On one of my last visits Lisa showed me the handlebar GPS/computer she had given Cleve for his birthday.  It had all sorts of neat functions but the fact that the GPS allowed Lisa to track where Cleve was on his long road biking excursions on her phone was what she really liked about it.

 

Not that long ago I found out that Cleve had surprised me again and decided to move to the Salt Lake area. I was sad that they wouldn’t be in Ames anymore so there wasn’t the chance to visit on my rather rare returns to my hometown but was looking forward to the chance to visit when on vacation to the intermountain West.

 

During one of my visits to Ames from Kansas, Chris Perrin arranged a Pit reunion with Brett, Cleve, Chris, Rick and me. After my Dad’s memorial service Tom Moldenhauer gathered together my homeboys Doug Palmer, Denny Sweeney, Cleve, Tom and myself. I knew these gatherings were special and rare. I didn’t realize that they were the last times we would be able to all be together.

 

I mourn the loss of Cleve, who was one of the very few who I counted as a true, lifelong friend. I can’t imagine Lisa’s anguish as her deepest anxieties about Cleve’s cycling trips became such a painful reality. I try, however, to find solace that he died doing something he so passionately enjoyed.

 

I love you Cleve.  I will miss you.

 

This some good stuff, brother P.  I wuz about to post one of my own.  But yours is better.  

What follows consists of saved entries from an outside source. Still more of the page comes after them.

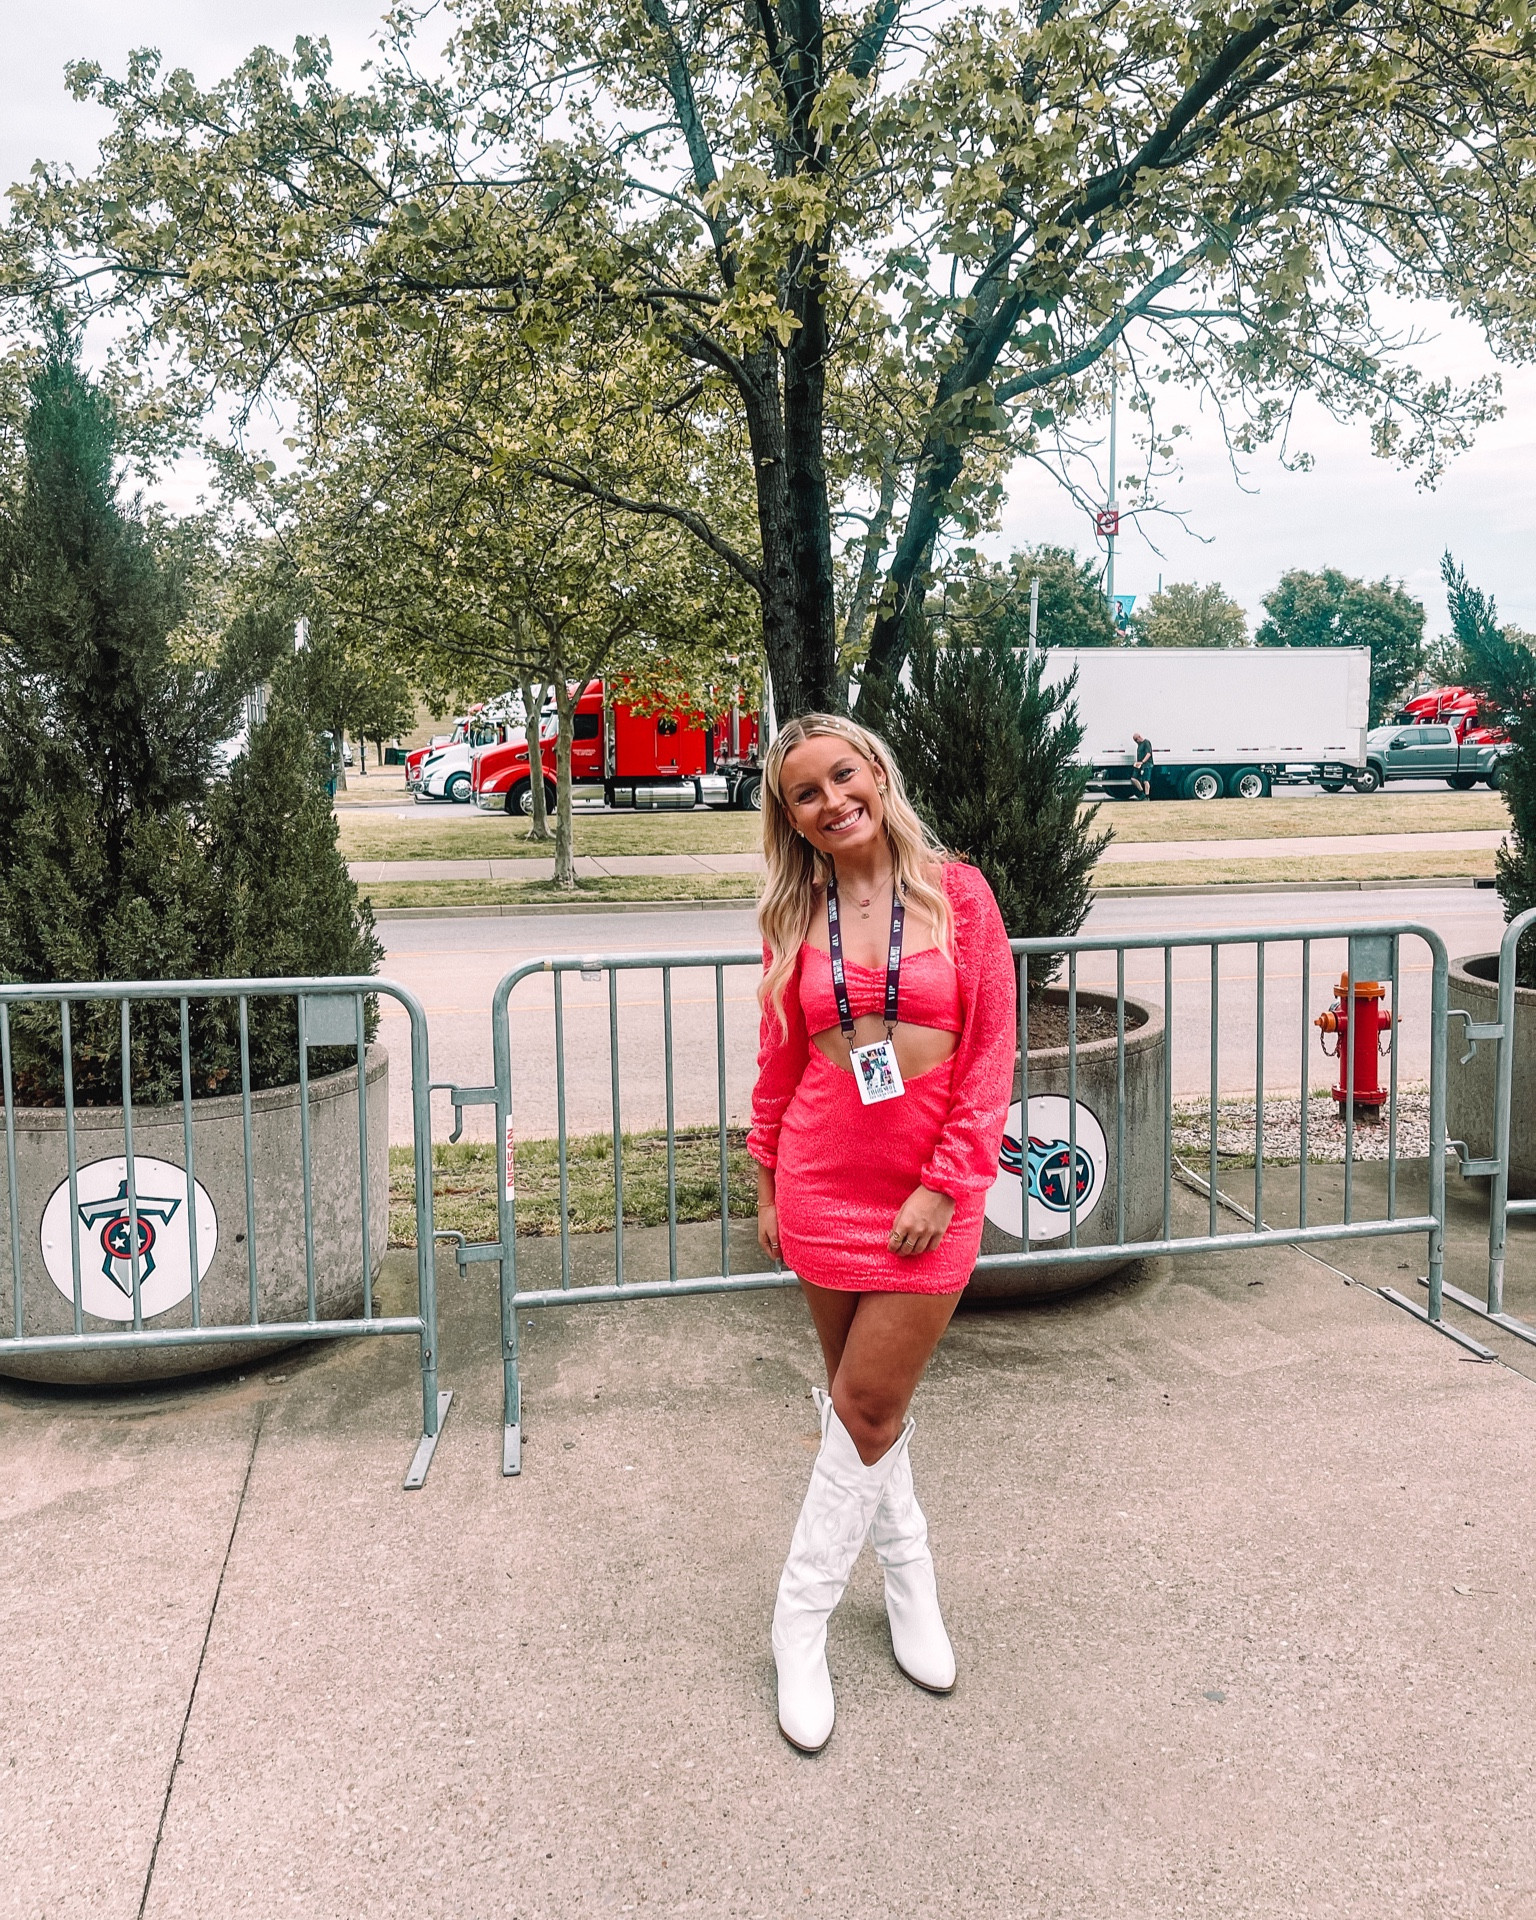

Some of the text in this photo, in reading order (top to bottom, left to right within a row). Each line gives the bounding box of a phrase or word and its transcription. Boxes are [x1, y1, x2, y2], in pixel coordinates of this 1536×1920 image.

[1100, 513, 1116, 534] G
[893, 919, 901, 933] VIP
[831, 933, 839, 947] VIP
[888, 985, 896, 1001] VIP
[839, 998, 848, 1014] VIP

"I didn’t realize that they were the last times we would be able to all be together."  

I met Greg Scott outside Judo class at the downtown Y right before high school.  He aspired to be a poet, and I'd say he made it.  Between Billy Clubs and Barricades.  We never went ice fishing.  Godamn granpa.  Etc.  Greg was good.  But I was way better.  Heh heh.  You know what I'm saying, P.  And it didn't hit me nearly as close as you. Sorry for your loss, P.  Another honest platitude.  And my growing physical (and mental) incapacity is kinda freaky... and I was never a physically gifted guy like you... or my old friend Rob Ashe (gone beyont).  Good a time as any to get old.  If I have to.  I guess. 

 

Thank you Jeb.

Funny name, eh.  Been wearing it like a birthmark that won't wash off.  Since before I could talk.   Waldo was the handle given me by my Nam-crazy roommates who are all dead now.  Being Jeb form Indiana makes you a redneck by default. (ask my boy, Zeke)   

 

Waldo is how I first knew you - and it is the name I am most comfortable calling you.

In loving memory of Michael Brooks.  The "... don't be foolish..." guy.  I grew up in a Jewish neighborhood.  So naturally I loved the way he talked.  And loved his work.  I will miss him.  Such a mensch he was.  

John my building-mate   

Much more than neighbors if they live across the hall.  And that was his name.  John Hall.